Spark New Zealand Limited (“Spark” or the “Group”), formerly Telecom New Zealand, is the country’s largest telecommunications and digital services provider, providing mobile and broadband services throughout New Zealand. Spark employs 5,000 people, serving consumers, businesses and government through 24 regional business hubs and 67 retail stores. Spark’s comprehensive suite of services spans mobile, broadband, cloud and digital services as well as entertainment. The company’s infrastructure supports 2.4 million mobile connections and reaches 98% of New Zealanders through 1,500 mobile sites and 18 data centers.

Spark TowerCo

Spark New Zealand has appointed Forsyth Barr and Jarden to undertake an engagement process to assess the appetite of institutional investors to subscribe to the capital of its infrastructure subsidiary, Spark TowerCo.

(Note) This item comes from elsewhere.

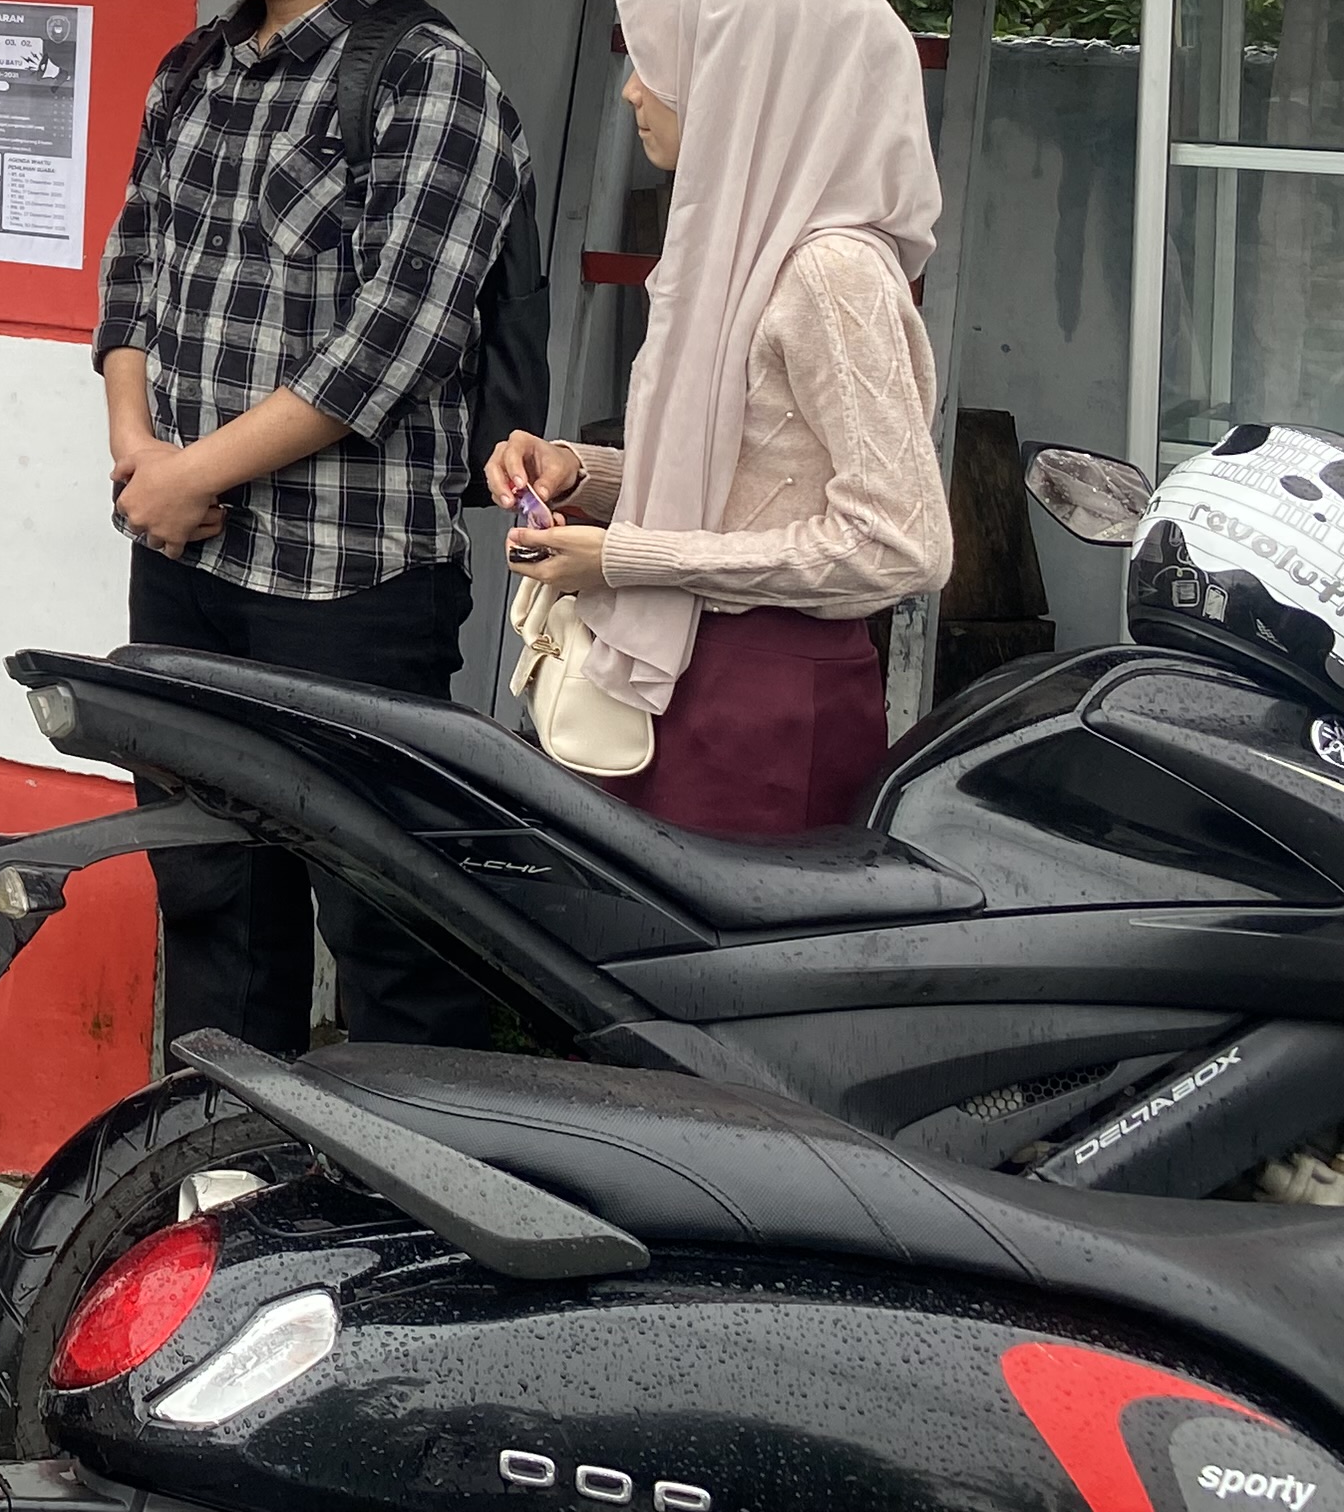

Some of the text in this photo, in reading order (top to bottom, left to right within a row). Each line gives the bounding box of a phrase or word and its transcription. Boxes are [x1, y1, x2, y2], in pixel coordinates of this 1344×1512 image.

[5, 59, 23, 67] BATU
[1074, 1046, 1243, 1166] DELTABOX
[1196, 1462, 1317, 1512] sporty

This follows a detailed review of Spark’s future capital-intensive infrastructure needs. The review also focused on the Group’s existing infrastructure portfolio, comprising 1,500 passive mobile tower assets. Spark has an ambitious infrastructure building program ahead to meet New Zealand’s growing data needs and new technologies like 5G, and eventually 6G. This future construction program will require many smaller sites, closer to the end customer, and greater overall densification. Spark concluded that infrastructure assets such as cell towers do not provide a competitive advantage in the telecommunications sector. However, specialized infrastructure focused on passive cell tower assets supports continued service innovation and efficiency, reducing costs and accelerating time to market for these infrastructure building programs.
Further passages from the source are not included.